Another set of measures captures *lexical diversity*, the breadth of vocabulary that the child uses. In practice there are a number of measures, from the simple type:token ratio (which can be biased) to more complex ones like MTLD.
These statistics are computationally a little complicated, so they are cached in their own table, called `speaker_statistics`.
```{r}
brown_stats <- get_speaker_statistics(corpus = "Brown", role = "target_child")
brown_stats
```
EXERCISE: Using the speaker statistics table, plot MLU by child age, with color showing the different children.
```{r}
ggplot(brown_stats,
aes(x = target_child_age,
y = mlu_w,
colour = target_child_name)) +
geom_point() +
geom_smooth()
```
# And/or counts
In our final exercise, we'll replicate the general patterns of development for "and" and "or" found by Jasbi et al. (2022).

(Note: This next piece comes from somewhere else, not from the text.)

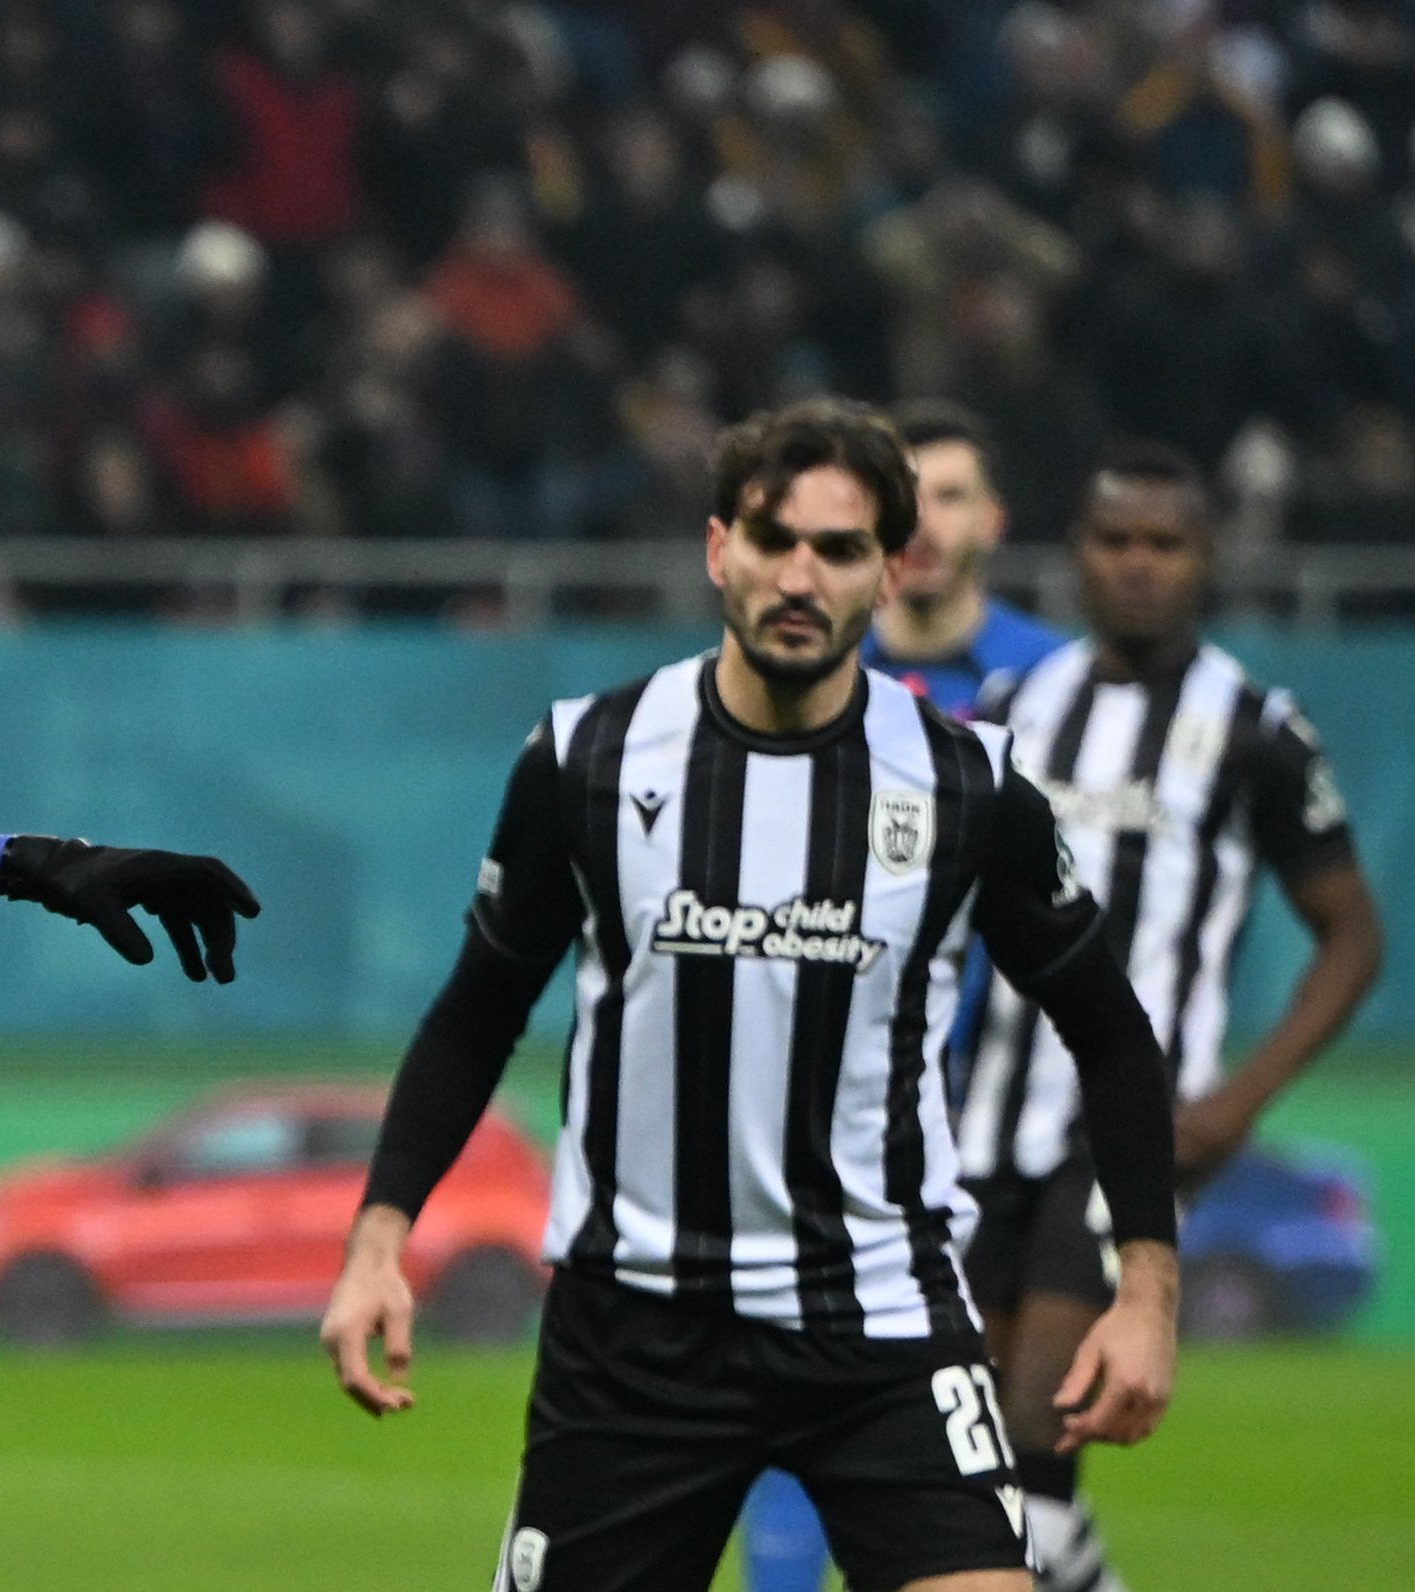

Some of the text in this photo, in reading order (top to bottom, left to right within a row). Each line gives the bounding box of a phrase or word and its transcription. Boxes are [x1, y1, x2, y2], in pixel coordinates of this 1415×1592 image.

[657, 890, 769, 955] Stop
[773, 898, 857, 934] child
[762, 930, 885, 973] obesity

EXERCISE: use `get_tokens` to 1) get all instances of "and" and "or" spoken by either the child or the child's mother in the Brown corpus and 2) in a separate dataframe get ALL the tokens spoken by the child and the mother (you'll use this to normalize the counts so as to be able to compare transcripts of different sizes).
```{r}
and_or_tokens <- get_tokens(..)
all_tokens <- get_tokens(...)
```
Now summarise the total number of tokens of each word for each speaker and transcript, and create normalized counts.
```{r}
and_or_counts <- and_or_tokens |>
# ...
all_token_counts <- all_tokens |>
# ...
# now join and normalize and/or counts by total counts
and_or_freqs <- left_join(...)
```
Now let's plot the result:
```{r}
ggplot(and_or_freqs, aes(x = target_child_age, y = prop, col = speaker_role)) +
geom_point() +
geom_smooth() +
facet_grid(gloss~target_child_name, scales = "free_y")
```
The pattern within children looks quite a lot like the pattern across children, especially for "and", though these three children don't lag quite as much on "or".